Stored items from a collection:
⟨

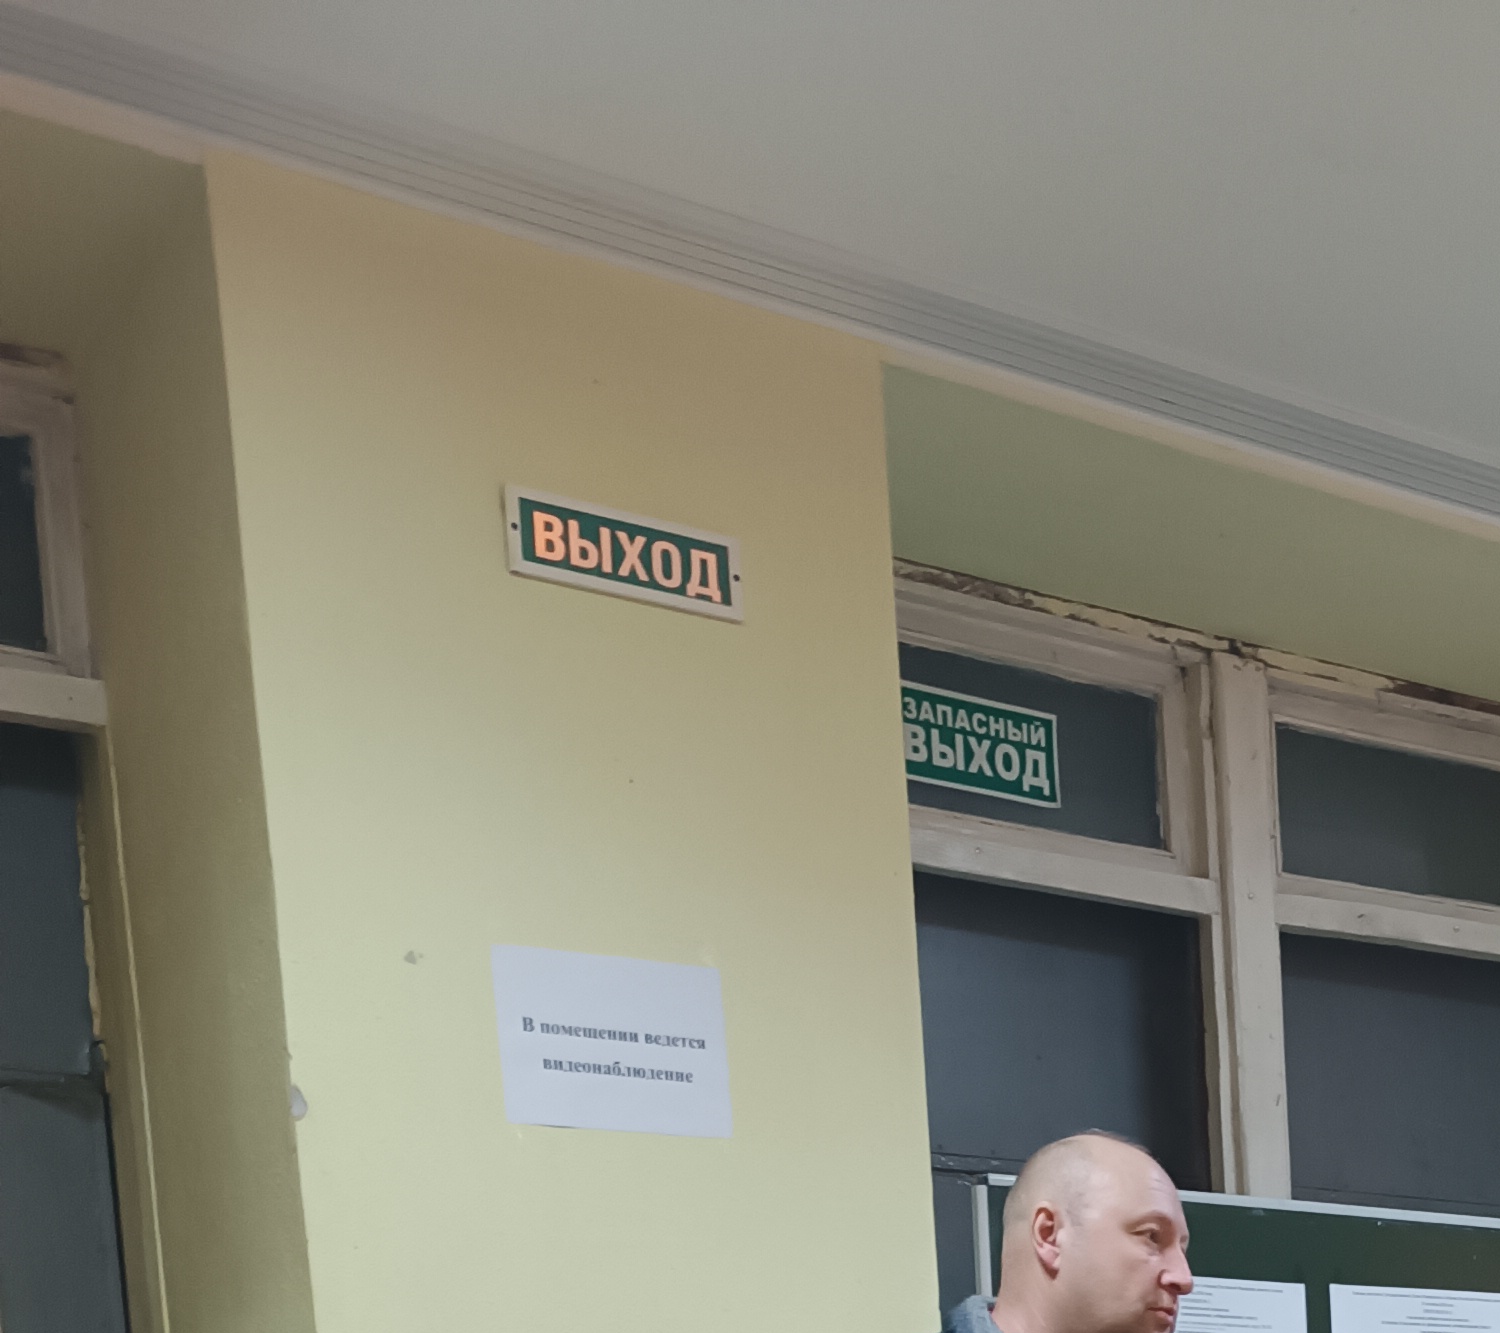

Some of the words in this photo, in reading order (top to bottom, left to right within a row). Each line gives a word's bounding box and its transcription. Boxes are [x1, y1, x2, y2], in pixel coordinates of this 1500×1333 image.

[532, 510, 722, 604] ВЫХОД
[902, 696, 1046, 747] ЗАПАСНЫЙ
[902, 722, 1050, 796] ВЫХОД
[521, 1016, 535, 1033] В
[539, 1021, 640, 1043] помещении
[644, 1032, 706, 1050] ведется
[542, 1057, 694, 1084] видеонаблюдение

⟩

**WORK INSTRUCTIONS:**
Repeat every line of the data above exactly, but drop the pictures.

**ANSWER TO THE PROBLEM:**
Some of the words in this photo, in reading order (top to bottom, left to right within a row). Each line gives a word's bounding box and its transcription. Boxes are [x1, y1, x2, y2], in pixel coordinates of this 1500×1333 image.

[532, 510, 722, 604] ВЫХОД
[902, 696, 1046, 747] ЗАПАСНЫЙ
[902, 722, 1050, 796] ВЫХОД
[521, 1016, 535, 1033] В
[539, 1021, 640, 1043] помещении
[644, 1032, 706, 1050] ведется
[542, 1057, 694, 1084] видеонаблюдение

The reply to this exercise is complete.